Sunshine Cleaning (2009)
Directed by: Christine Jeffs
Screenplay by: Megan Holley
Starring: Amy Adams, Emily Blunt, Alan Arkin, Jason Spevack,
Clifton Collins, Jr.
MPAA Rating: R
Run Time: 102 minutes
From the producers of Little Miss Sunshine
(2006), comes Sunshine Cleaning (is there a pattern
here?). Screened in competition at the 2008 Sundance Film
Festival, Sunshine Cleaning, like Little Miss
Sunshine, is an inventive, idiosyncratic and heartfelt
film about an American family overcoming obstacles to find
the paths to its particular dream.
Academy Award nominee® Amy Adams (Doubt, 2008,
Enchanted, 2007) stars as Rose Lorkowski, a former high
school cheerleader captain, now a thirty-something single
mother who works as a maid in Albuquerque, New Mexico.

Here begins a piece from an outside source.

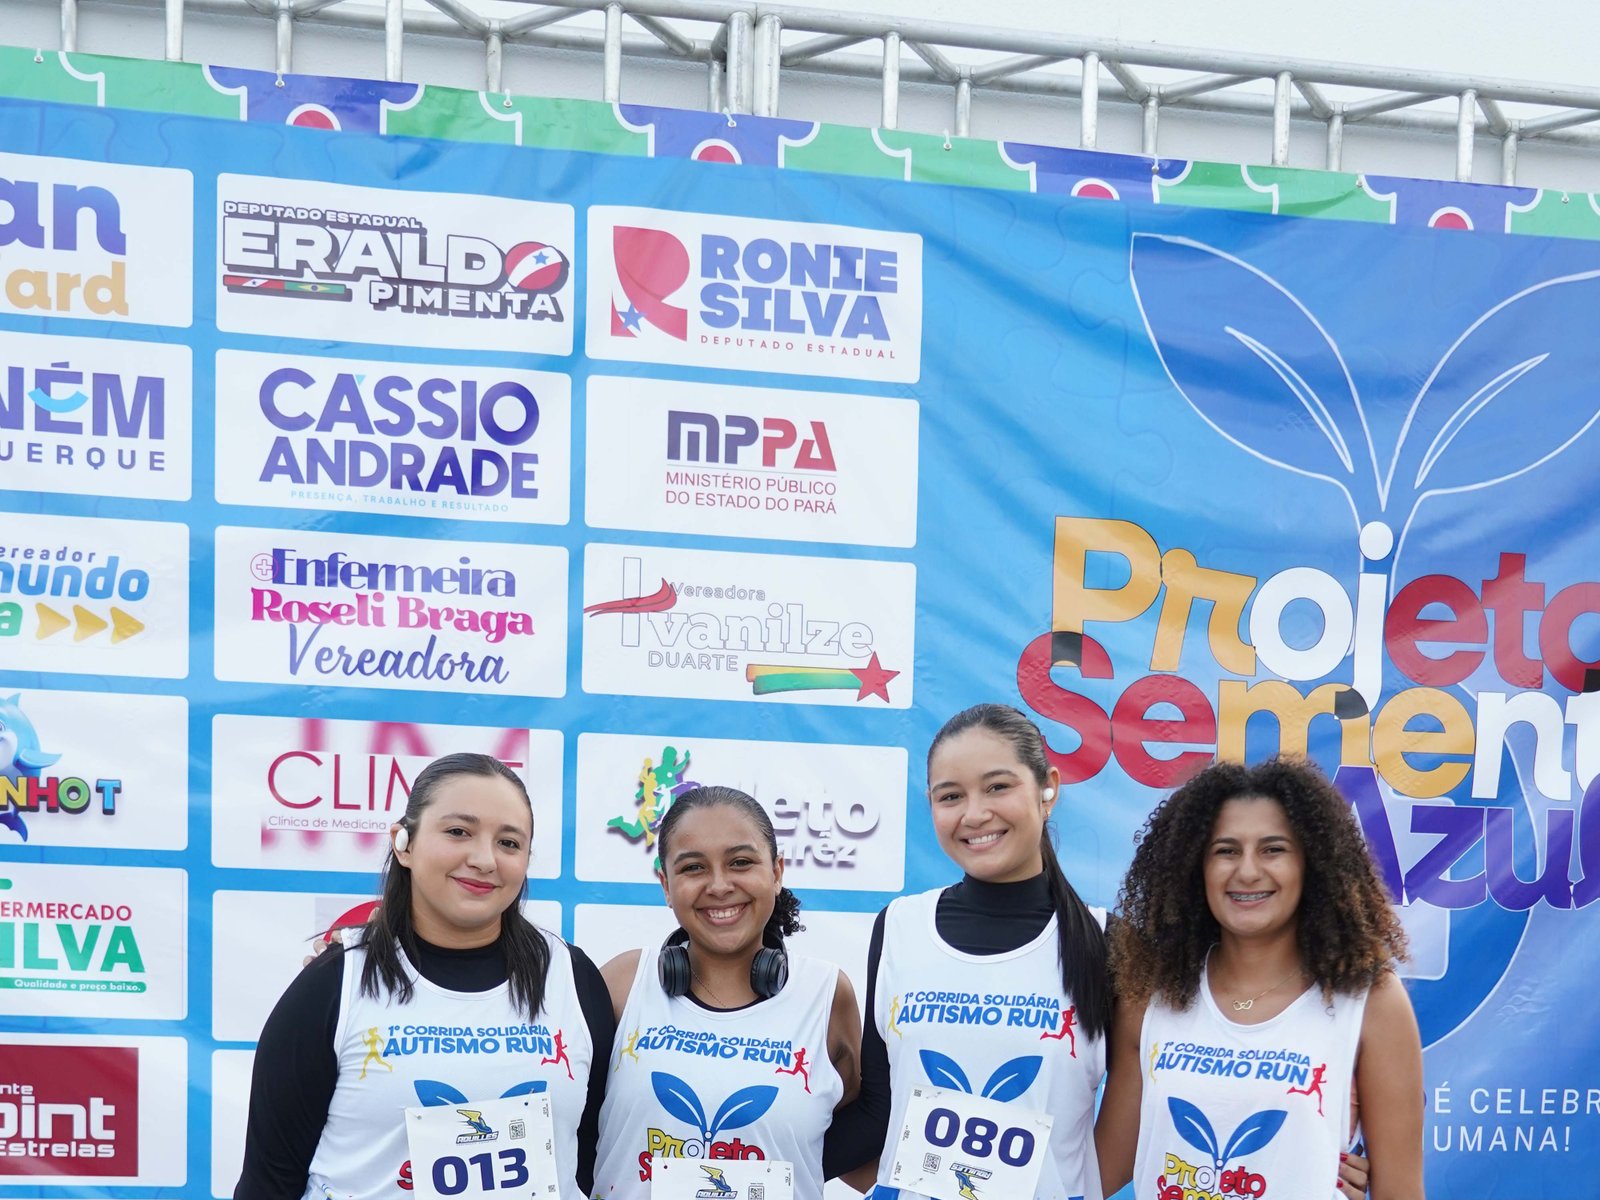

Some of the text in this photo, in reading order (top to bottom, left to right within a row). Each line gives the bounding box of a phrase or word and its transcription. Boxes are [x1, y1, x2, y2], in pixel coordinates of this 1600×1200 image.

Her slacker sister Nora (Golden Globe® winner Emily Blunt,
The Devil Wears Prada, 2006) still lives at home
with their Dad, Joe (Academy Award winner® Alan Arkin,
Little Miss Sunshine), a salesman who specializes
in ill-fated get rich schemes.
When Rose’s precocious young son, Oscar (well acted
by adorable Jason Spevack, Hollywoodland, 2006),
is ushered out of public school, Rose needs some quick cash
to place him in a more simpatico private school.
So begins Rose and Nora’s big adventure — they
start a recession-proof business — cleaning up crime
scenes. Of course, there are complications, as the sisters
face the detritus of violence, learn to work together and
to explore their sisterly relationship. As the cleaning company
evolves, so does their self-respect and their love and regard
for each other.
The sisters’ novice attempts at their new business are
both funny and sad. They struggle to acclimate to blood, odors
and creepy-crawlies. Though the crime sites are not pretty,
director Christine Jeffs (Sylvia, 2003) has approached
them tastefully, given the circumstances. The emphasis is
not on the blood, but on how the sisters react to it.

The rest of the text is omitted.